_Your objective_:
Would you please print exactly the lines that run from the one with "Some of the words" to the last line of the data, both included, without any pictures?

_Input data_:
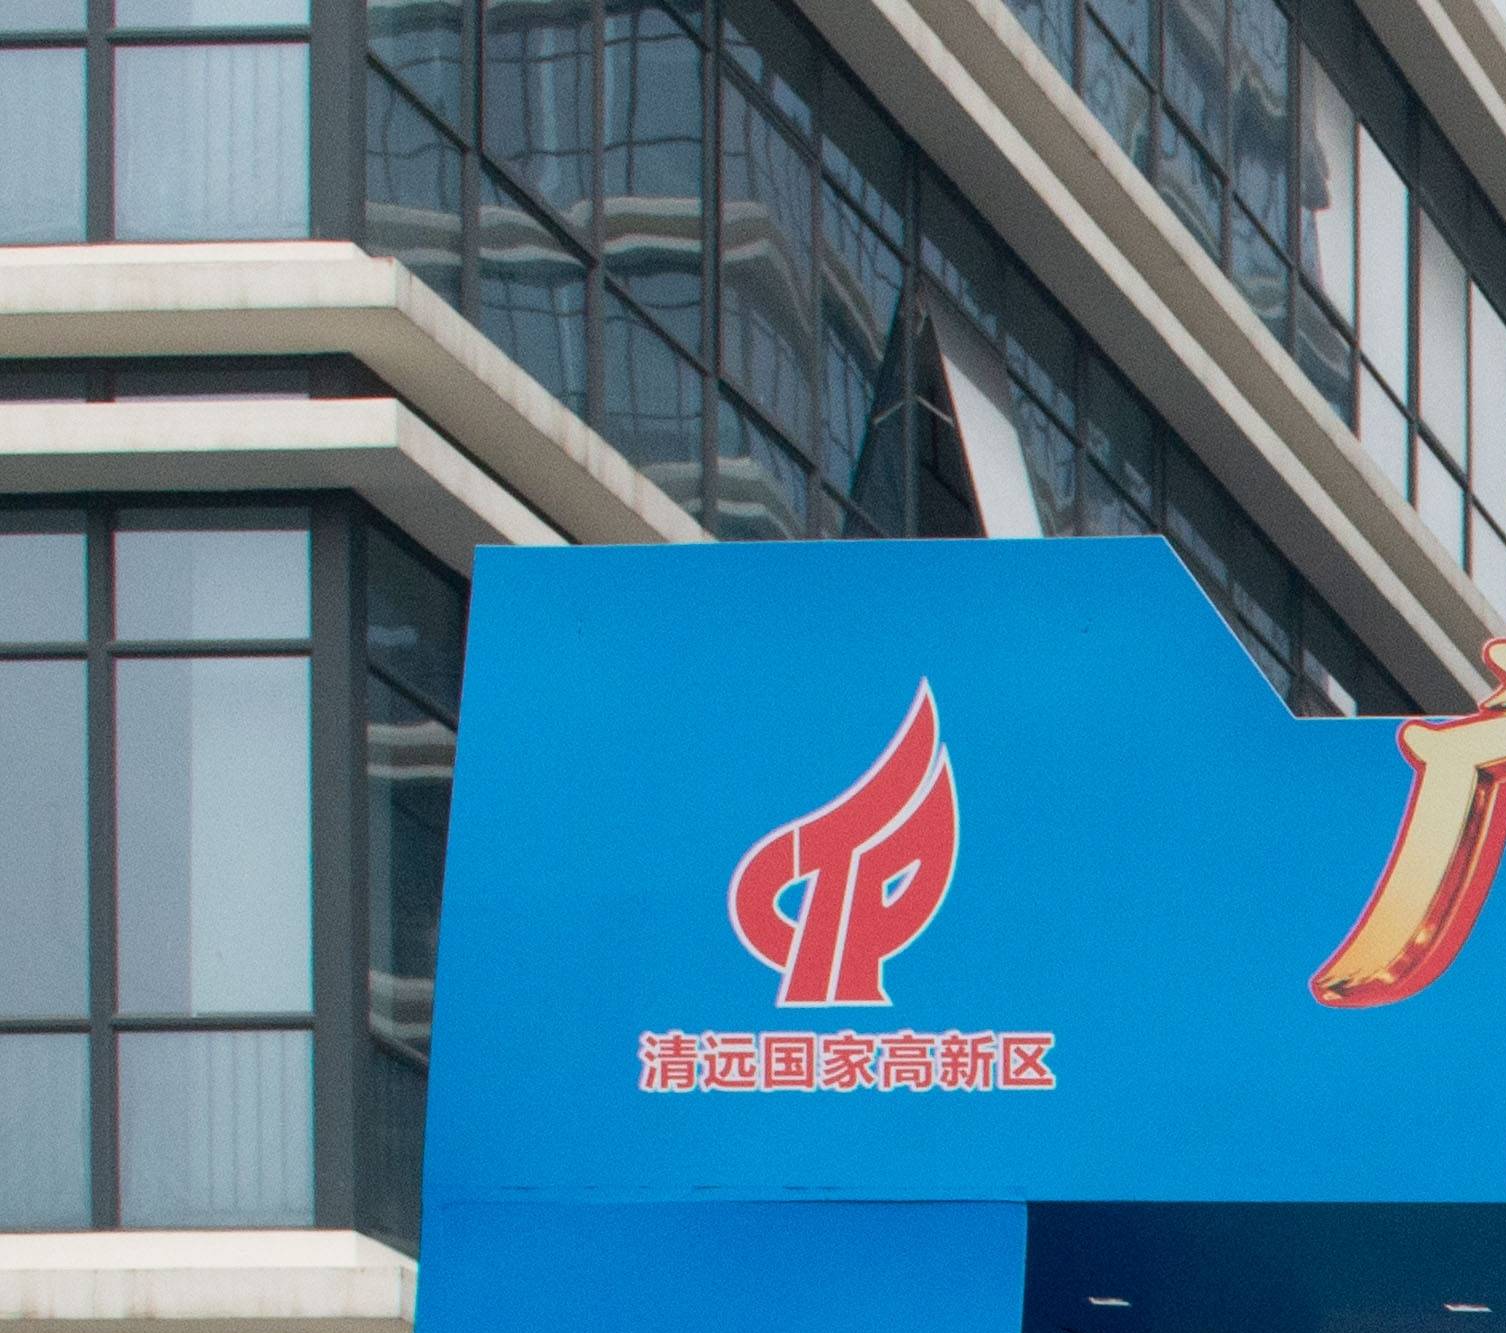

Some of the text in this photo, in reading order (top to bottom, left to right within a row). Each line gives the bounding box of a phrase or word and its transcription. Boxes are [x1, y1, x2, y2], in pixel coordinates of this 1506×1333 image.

[639, 1029, 1057, 1093] 清远国家高新区
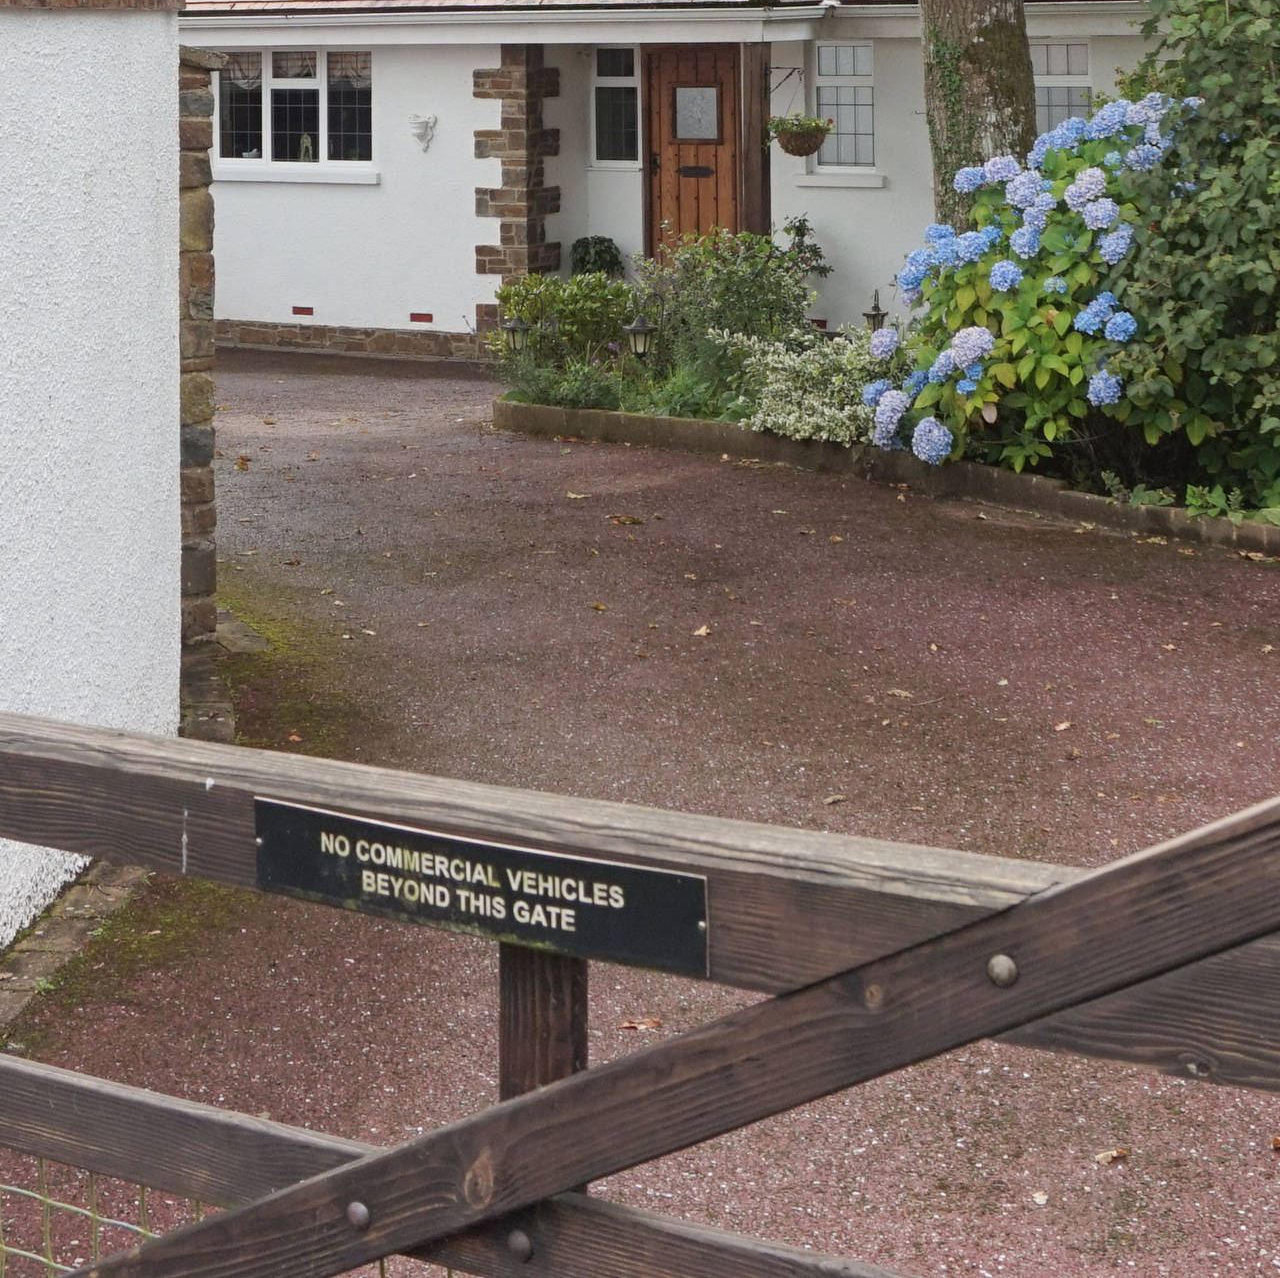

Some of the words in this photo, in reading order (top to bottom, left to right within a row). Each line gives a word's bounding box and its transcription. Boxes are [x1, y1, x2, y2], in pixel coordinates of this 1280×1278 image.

[320, 831, 350, 857] NO
[355, 840, 501, 888] COMMERCIAL
[506, 868, 625, 909] VEHICLES
[361, 870, 451, 908] BEYOND
[455, 889, 507, 920] THIS
[512, 900, 576, 932] GATE
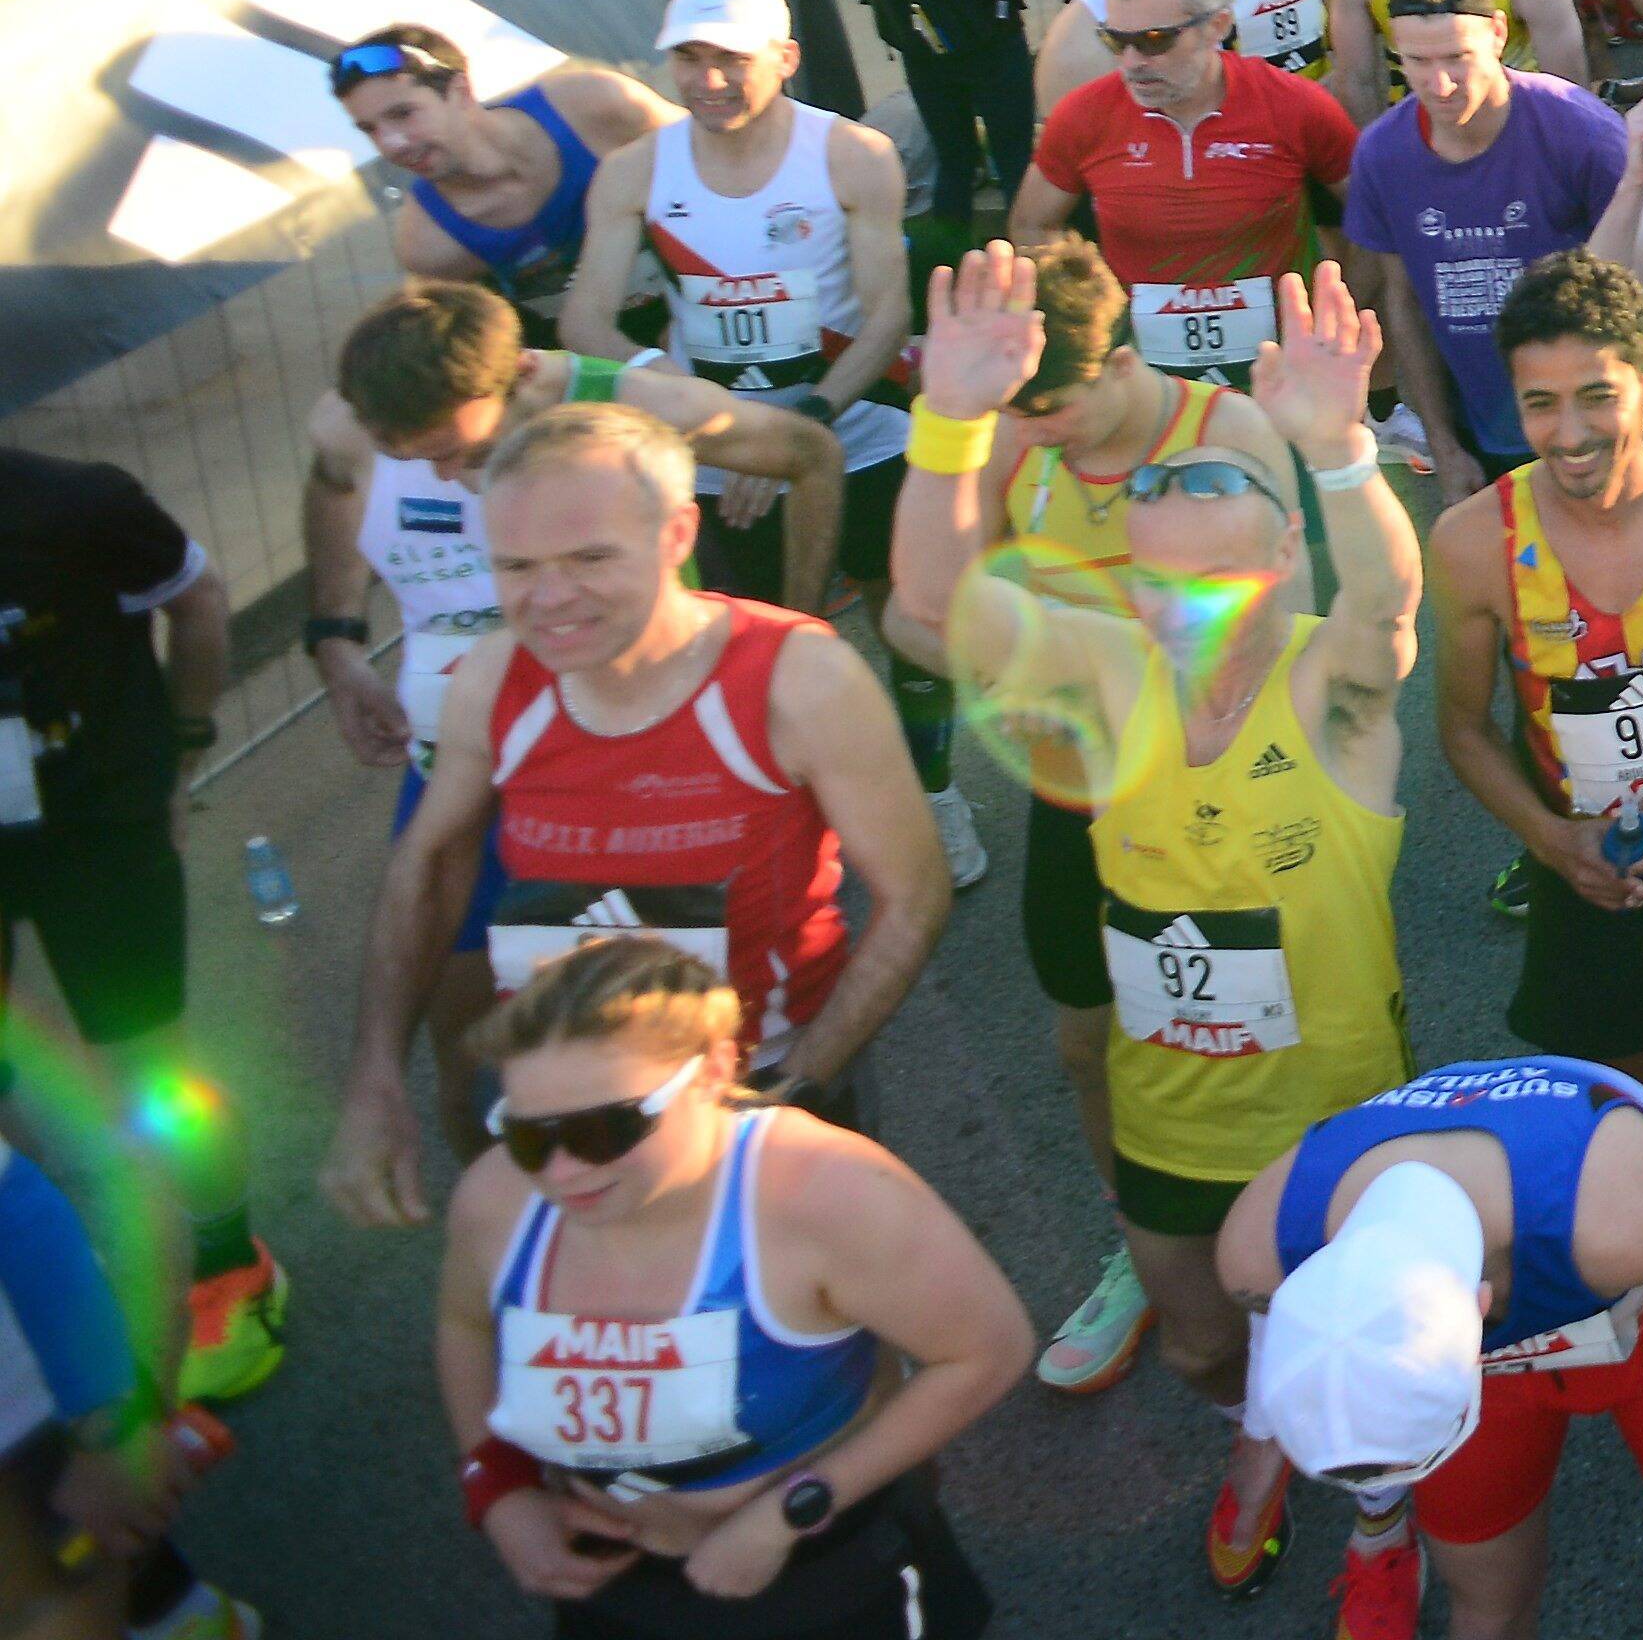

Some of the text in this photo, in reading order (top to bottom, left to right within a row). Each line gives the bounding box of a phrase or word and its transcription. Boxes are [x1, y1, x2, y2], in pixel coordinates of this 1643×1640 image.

_Task response_:
Some of the words in this photo, in reading order (top to bottom, left to right within a row). Each line gives a word's bounding box and its transcription. Boxes are [x1, y1, x2, y2], in pixel coordinates of this 1280×1278 image.

[320, 831, 350, 857] NO
[355, 840, 501, 888] COMMERCIAL
[506, 868, 625, 909] VEHICLES
[361, 870, 451, 908] BEYOND
[455, 889, 507, 920] THIS
[512, 900, 576, 932] GATE

Some of the text in this photo, in reading order (top to bottom, left to right within a row). Each line gives the bounding box of a phrase or word and its transcription. Boxes are [x1, y1, x2, y2], in pixel coordinates of this 1643×1640 image.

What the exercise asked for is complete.